The library behind the elaboration of documents: PySIC - documenti-aperti/documenti_aperti GitHub Wiki

Python simple image cropper (PySIC)

We made and installed this library on the site Documenti Aperti for the elaboration of documents inside Documenti Aperti. Images related to documents need to be put in the ./data folder, whereas the files created by the elaboration of images are put in the ./output folder, that contains two others folder based on the type of the file: ./output/out_hocr for .hocr files and ./output/out_pdf for .pdf files.

Requirements

The enviroment of python3 ( pip3 , setuptools...)
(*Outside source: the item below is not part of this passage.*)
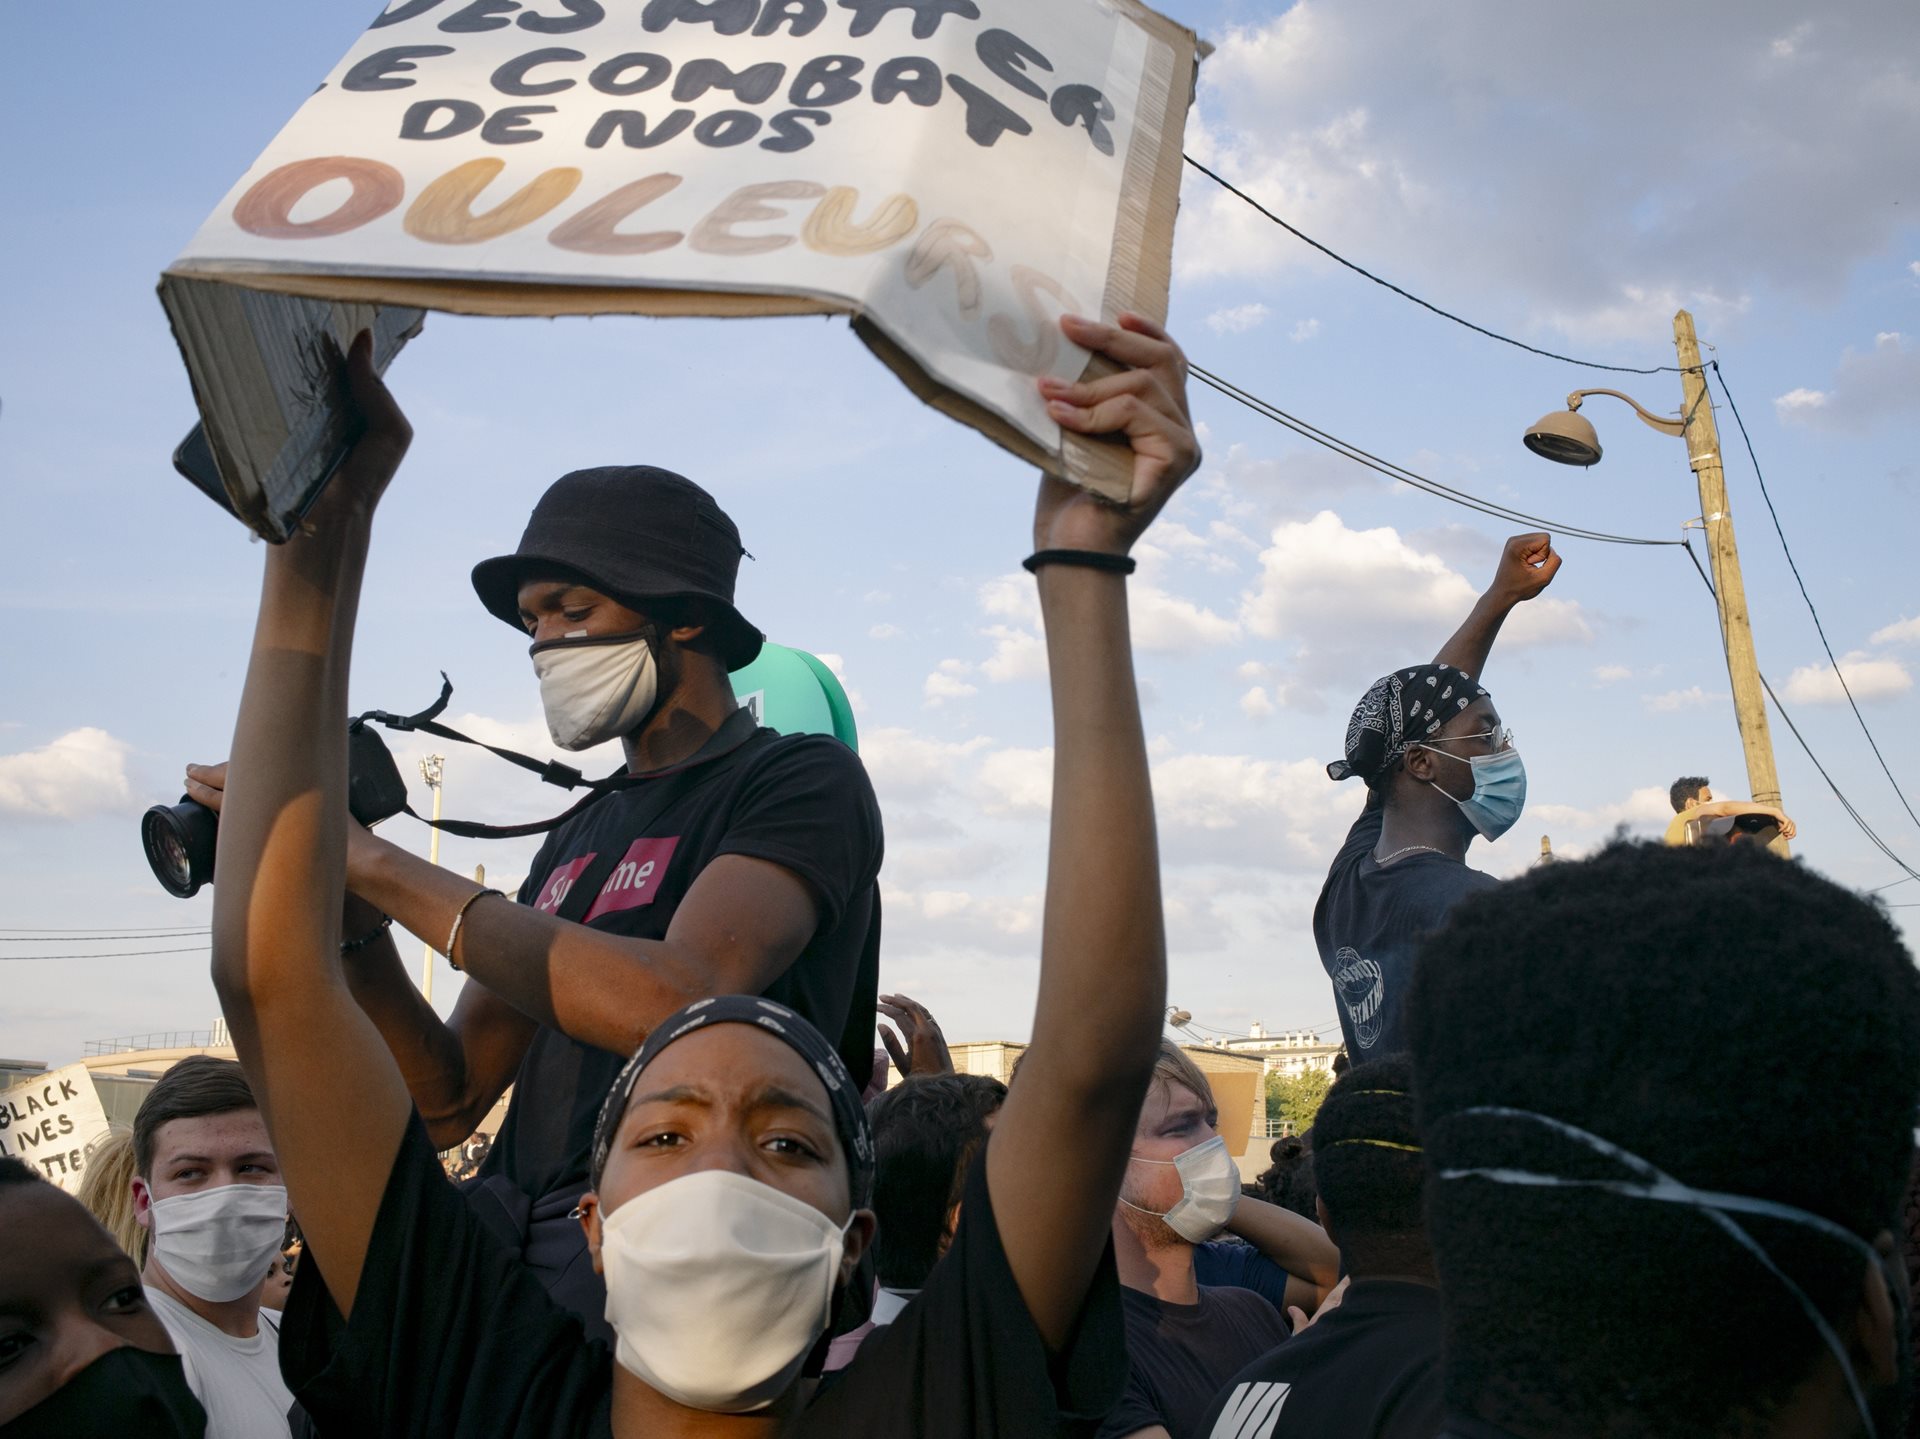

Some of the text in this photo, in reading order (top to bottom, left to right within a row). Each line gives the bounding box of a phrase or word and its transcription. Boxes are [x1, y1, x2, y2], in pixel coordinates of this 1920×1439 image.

[312, 44, 1034, 147] E COMBAT
[398, 98, 832, 153] DE NOS
[640, 0, 1116, 157] MATTER
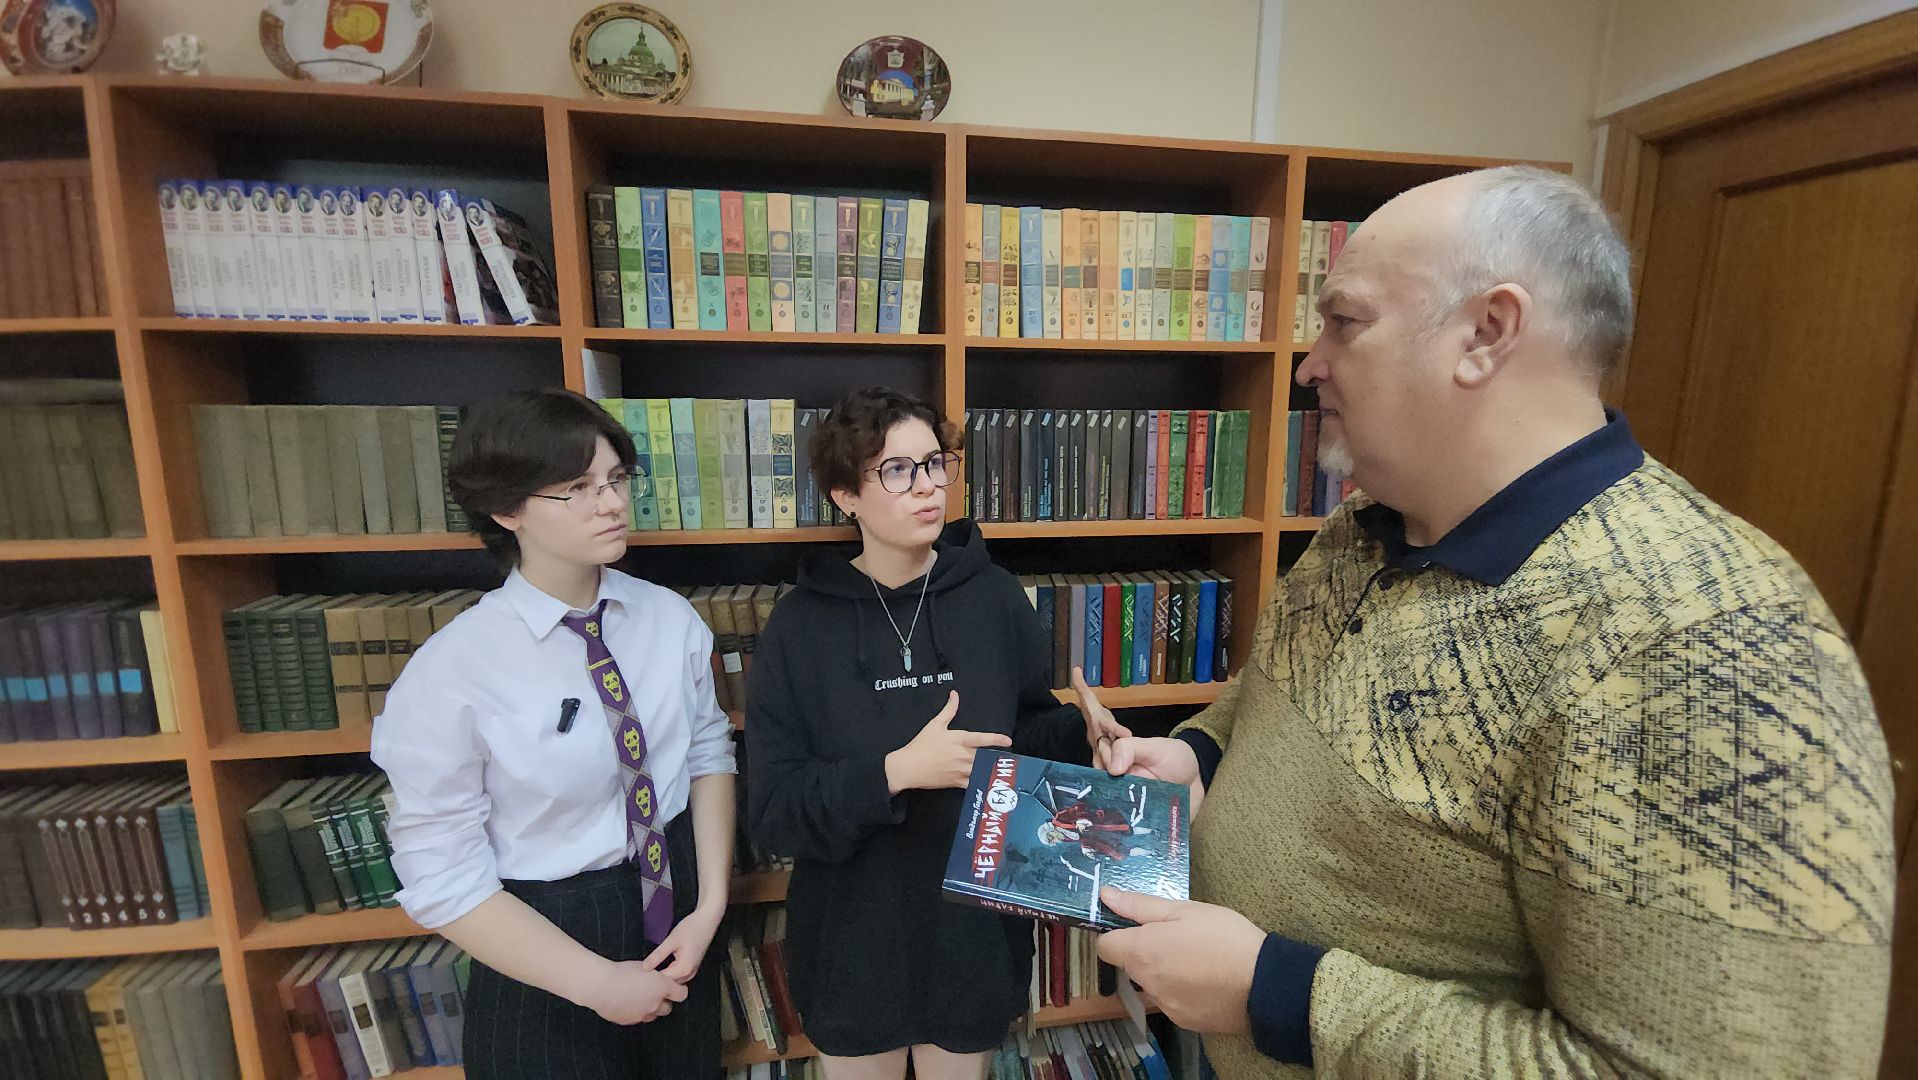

sudo apt-get install libpng-dev libjpeg-dev libtiff-dev zlib1g-dev
sudo apt-get install gcc g++
sudo apt-get install autoconf automake libtool checkinstall

wget http://www.leptonica.org/source/leptonica-1.76.0.tar.gz
tar -zxvf leptonica-1.76.0.tar.gz
cd leptonica-1.76.0
./configure
make
sudo checkinstall
sudo ldconfig

tesseract ( > 3.05)

sudo apt-get install git
git clone https://github.com/tesseract-ocr/tesseract
cd tesseract
./autogen.sh
./configure
make
sudo make install
sudo ldconfig
git clone https://github.com/tesseract-ocr/tessdata.git
sudo mv ~/tessdata/* /usr/local/share/tessdata/

Another way it can be done in Ubuntu using tesseract 4

sudo add-apt-repository ppa:alex-p/tesseract-ocr
sudo apt-get update
sudo apt-get install tesseract-ocr

If you want tesseract to handle every language type:

sudo apt-get install tesseract-ocr-all

or if you want to install only specific languages like English or Italian:

sudo apt-get install tesseract-ocr-eng tesseract-ocr-ita

How to install pySIC on Ubuntu 16.04

For python dependencies see the requirements.txt file and/or launch in commandline:

git clone https://github.com/edoaxyz/image_to_hOCR.git
cd image_to_hOCR
sudo apt-get install libxml2-dev libxslt1-dev
sudo python3 setup.py install

Put your images or scans in the ./data directory and test it:

import pySIC
pySIC.elaborate("merge")
pySIC.elaborate("merge_ocr",ocr=True,lang='ita')

Aims

The objective was to create a script that helps users to digitalize a book. Users only need to scan the pages, even with a portable scanner, on a high contrast background. With a simple method the script finds the color changing on the axes, from the top and from the bottom, then it crosses the data to create a rectangle in which the page should stay. Then it crops the page with a jump (to improve the output).

Colors & Algorithm

Cropping

To define a rectangle you only need two points: in this case I've chosen the top-left one and the bottom-right one. So I need to find 4 coordinates (two abscissae and two ordinates). A way to solve this problem is to analyze four times, pixel by pixel, where the first substantial color changing appears: one from the top to the bottom, one from the left to the right, one from the bottom to the top and one from the right to the left. The color are written in BGR format thanks to the openCV library.

Old

The color changing is defined by the Euclidian distance HERE: distance =\sqrt{(R0 - R1)^2, (B0 - B1)^2, (G0 - G1)^2}. If the distance is bigger than a certain P I can firmly say that there was a change! Added the rotation algorithm which recognise if an image is skew.

New

Now it does the same thing but in a gray scale format.

Rotating

It also finds the image rotation with the "Projection profile method". By testing several times and finding the best solution, the script detects the skew and corrects it. It loads the image in negative gray scale and with scipy and numpy sums it determines if the angle is the correct one.

Reading

The reading script elaborates the images cropped by the cropper script and sends them to "tesseract" to get an hOCR file which contains the text boxes with the relative coordinates.

Debugging mode

I added a debug mode where you can see the algorithm results.

Accepted extensions

Pratically all the openCV extensions : ".jpeg", ".jpg", ".png", ".tif", ".tiff", ".bmp", ".dib", ".jpe", ".jp2", ".webp", ".pbm", ".pgm", ".ppm", ".sr", ".ras"

Optimization

To improve the algorithm velocity and to reduce the efforts, when it analyzes the image, it reduces its dimensions (with a coefficent K = DIMENSIONS / 500) and after it finds the points it crops the original image from the two points coordinates multiplied by K. Also the jump is based on the coefficent K.

CHANGELOG

New v1.1

Removed some bugs to the cropper script, adapted to work on all platform.
It load the images in grey scale so the distance its a simple difference.
Added the Rotation Algorithm.
Added the text output on a ".txt".
Fixed some unicode problem.

New v1.2

Removed bugs.
Now the reader will not make a txt file but an Hocr to improve the human correction helpness.
Updated Main.py and Reader.py.
Added Build.py to let you run the script easier.